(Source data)
________________
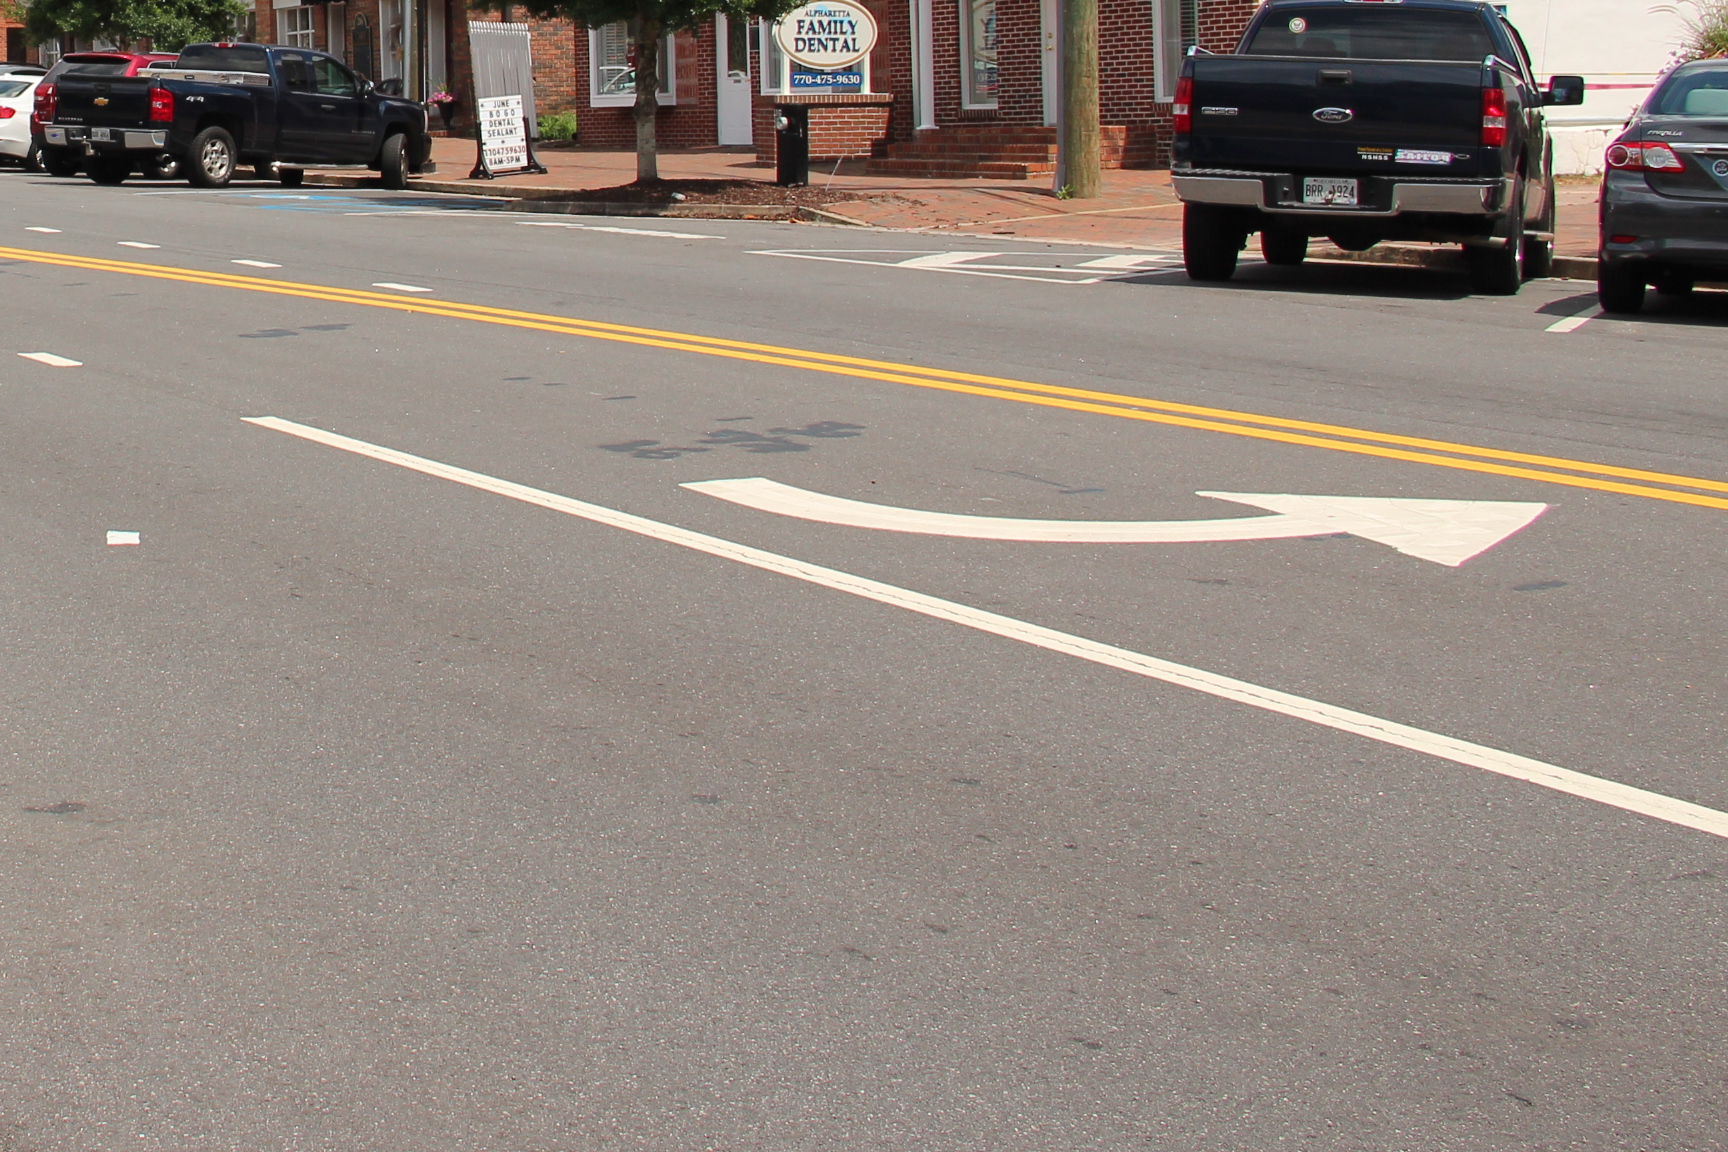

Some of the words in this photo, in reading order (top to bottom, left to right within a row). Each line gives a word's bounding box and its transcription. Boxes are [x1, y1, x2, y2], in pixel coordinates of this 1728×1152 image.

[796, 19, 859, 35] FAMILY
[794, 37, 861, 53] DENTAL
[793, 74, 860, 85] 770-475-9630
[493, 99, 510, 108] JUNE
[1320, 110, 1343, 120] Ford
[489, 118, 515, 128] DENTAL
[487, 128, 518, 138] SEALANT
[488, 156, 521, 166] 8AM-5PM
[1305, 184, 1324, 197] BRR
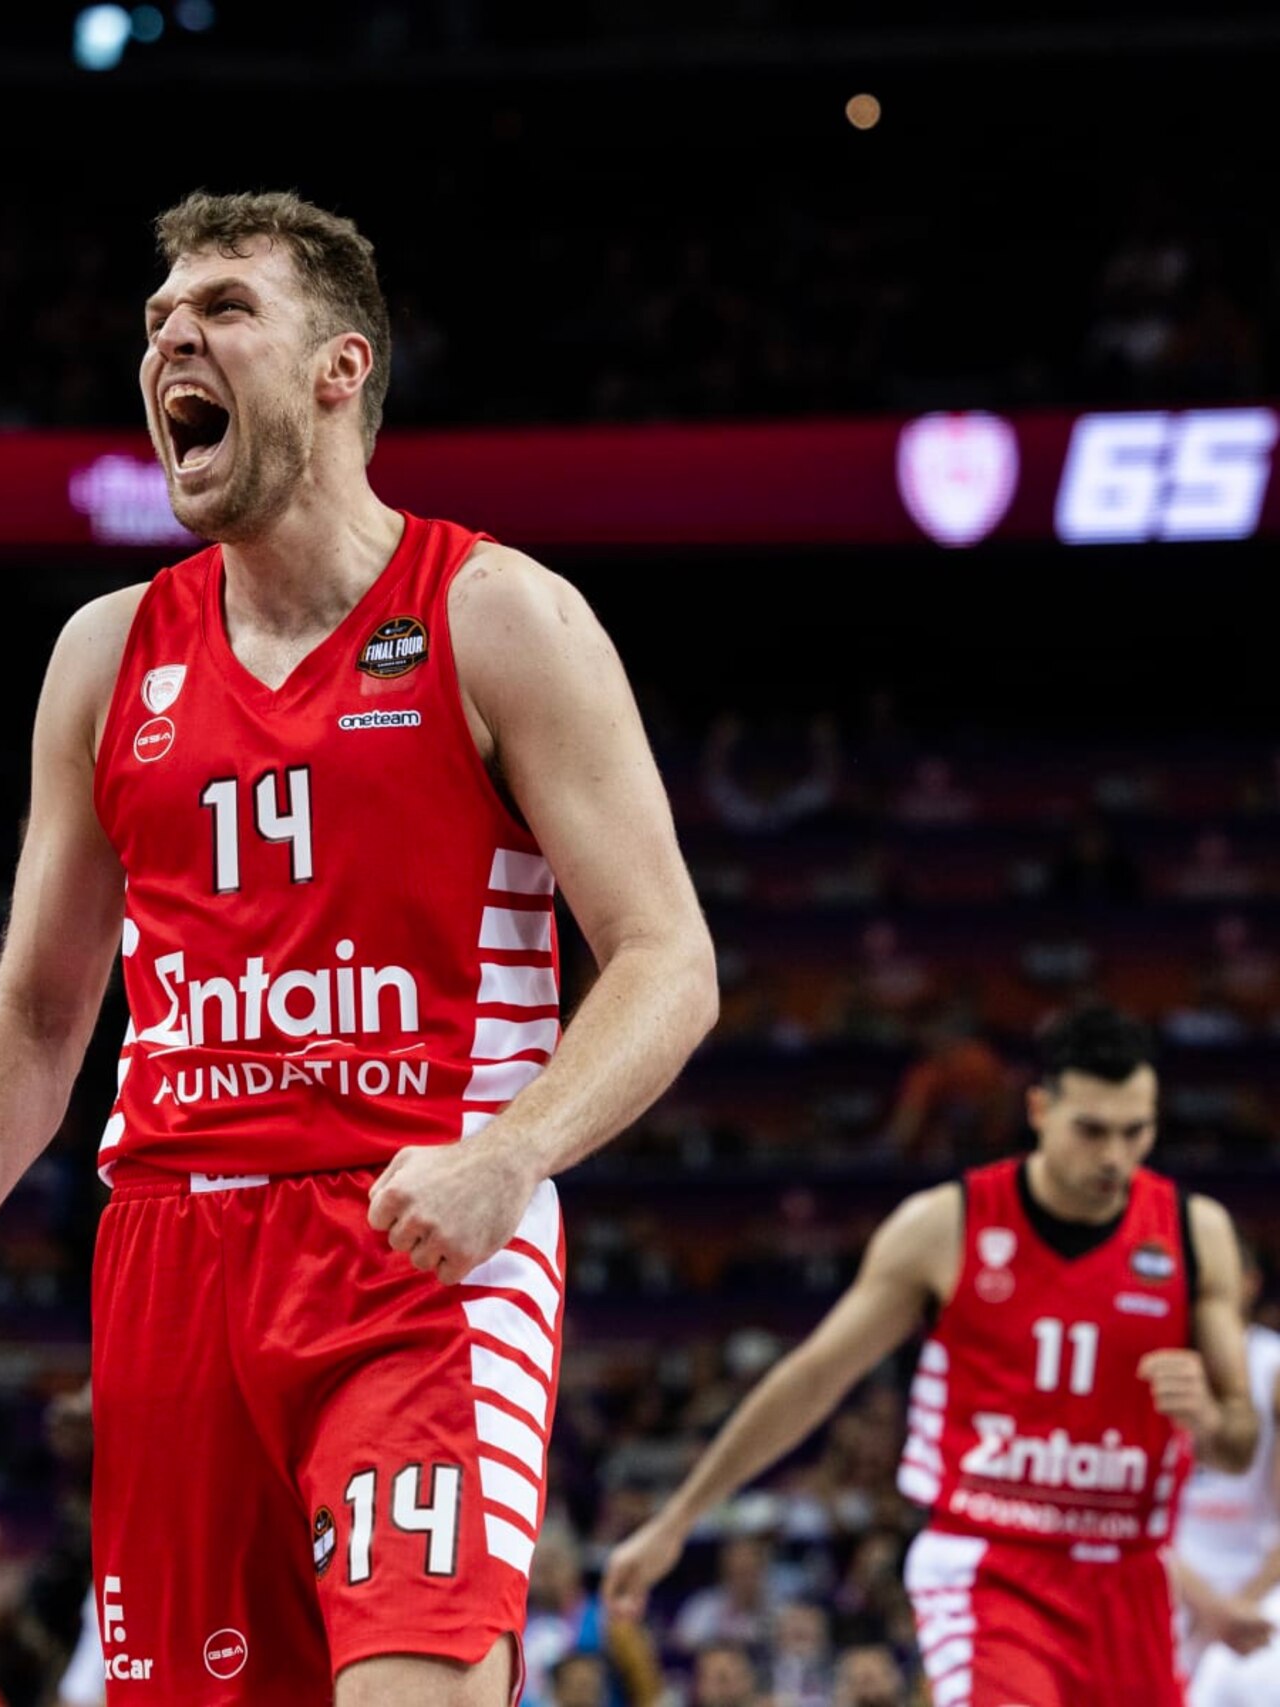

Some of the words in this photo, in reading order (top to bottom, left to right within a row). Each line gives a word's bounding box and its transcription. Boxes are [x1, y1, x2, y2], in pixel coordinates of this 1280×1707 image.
________________
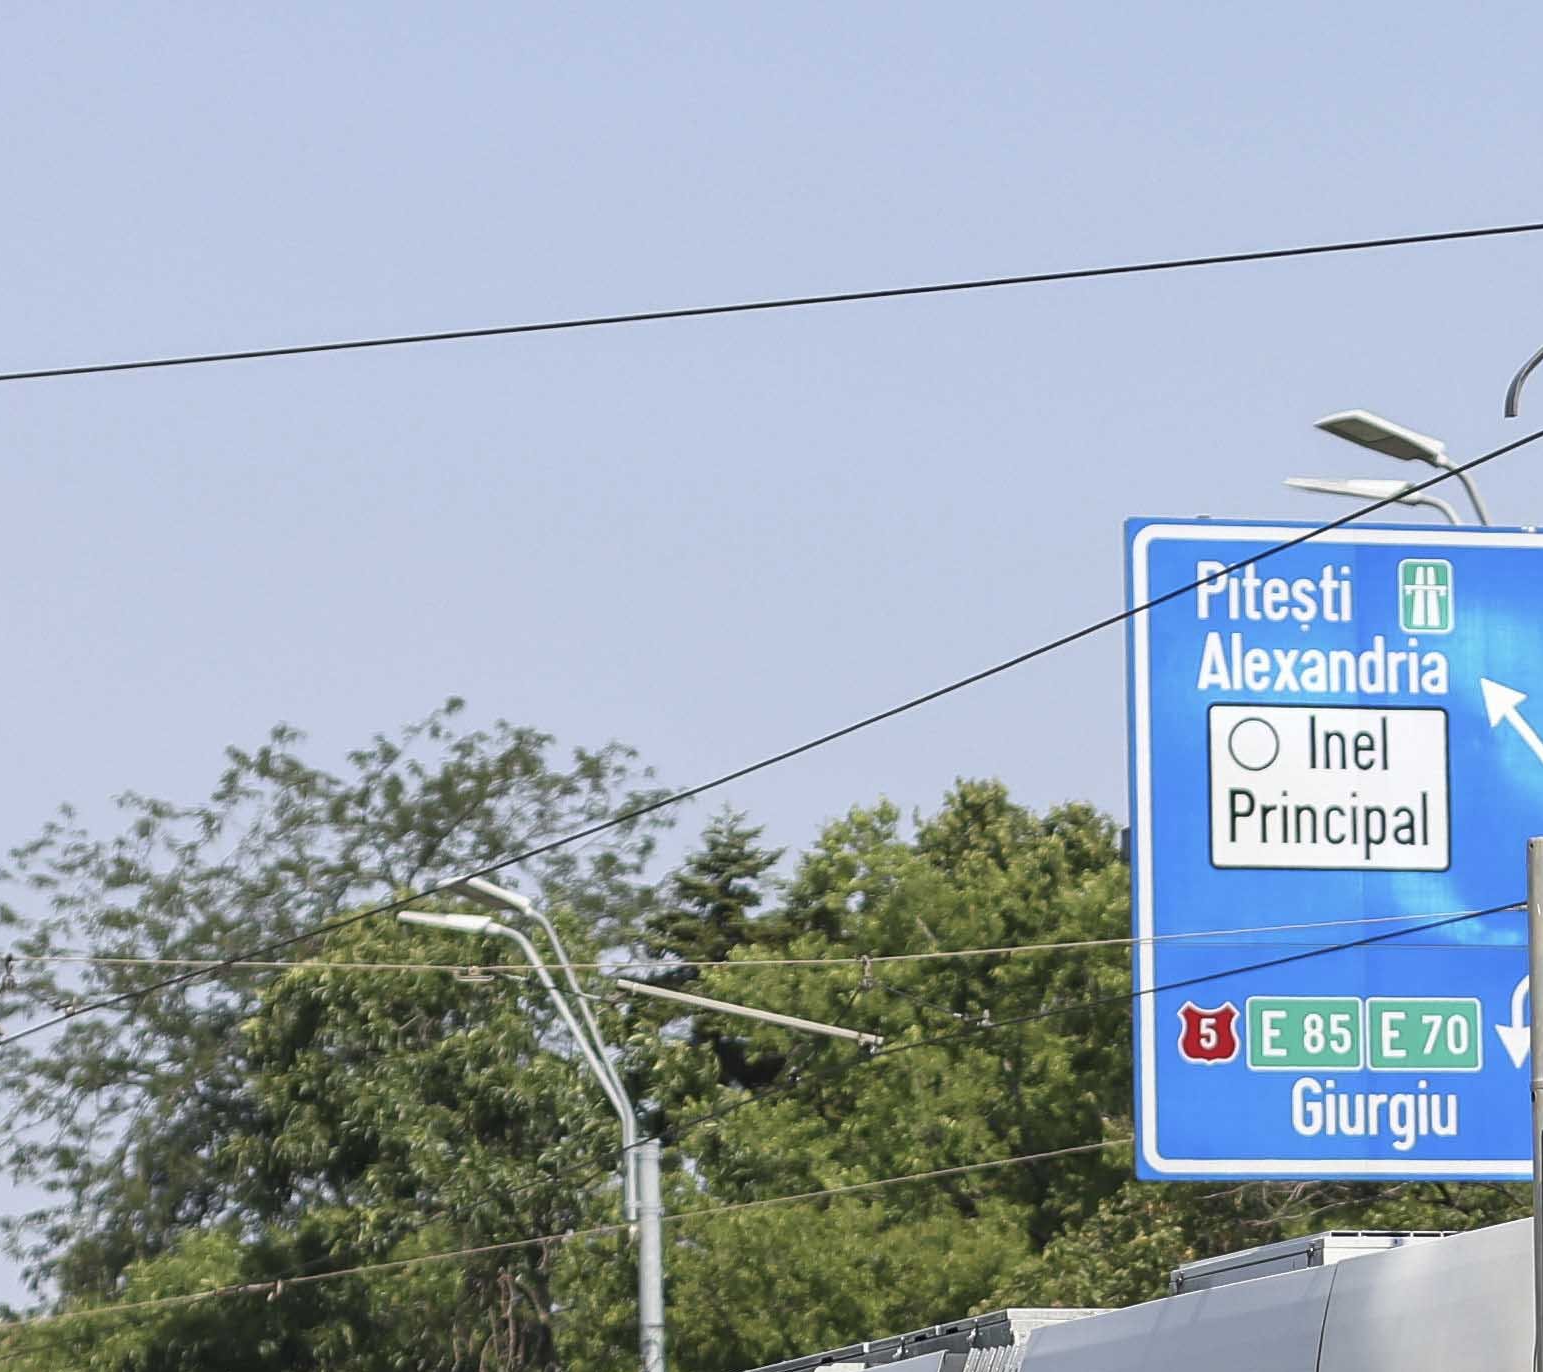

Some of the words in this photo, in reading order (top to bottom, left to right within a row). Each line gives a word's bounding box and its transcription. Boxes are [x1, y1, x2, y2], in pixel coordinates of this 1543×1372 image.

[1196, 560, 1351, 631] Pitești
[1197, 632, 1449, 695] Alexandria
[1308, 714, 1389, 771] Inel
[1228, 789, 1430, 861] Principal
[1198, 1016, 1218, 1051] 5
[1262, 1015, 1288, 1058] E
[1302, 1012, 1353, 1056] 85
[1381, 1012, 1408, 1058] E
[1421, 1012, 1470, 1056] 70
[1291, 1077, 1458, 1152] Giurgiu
________________
_EXERCISE DETAILS_. In the entries above, which lines run from the one with "this 1728×1152 image." up to and including the one with "this 1280×1707 image."? Write them out exactly, without the pictures.

_SOLUTION TO THIS PROBLEM_.
Some of the words in this photo, in reading order (top to bottom, left to right within a row). Each line gives a word's bounding box and its transcription. Boxes are [x1, y1, x2, y2], in pixel coordinates of this 1728×1152 image.

[796, 19, 859, 35] FAMILY
[794, 37, 861, 53] DENTAL
[793, 74, 860, 85] 770-475-9630
[493, 99, 510, 108] JUNE
[1320, 110, 1343, 120] Ford
[489, 118, 515, 128] DENTAL
[487, 128, 518, 138] SEALANT
[488, 156, 521, 166] 8AM-5PM
[1305, 184, 1324, 197] BRR

Some of the words in this photo, in reading order (top to bottom, left to right within a row). Each line gives a word's bounding box and its transcription. Boxes are [x1, y1, x2, y2], in pixel coordinates of this 1280×1707 image.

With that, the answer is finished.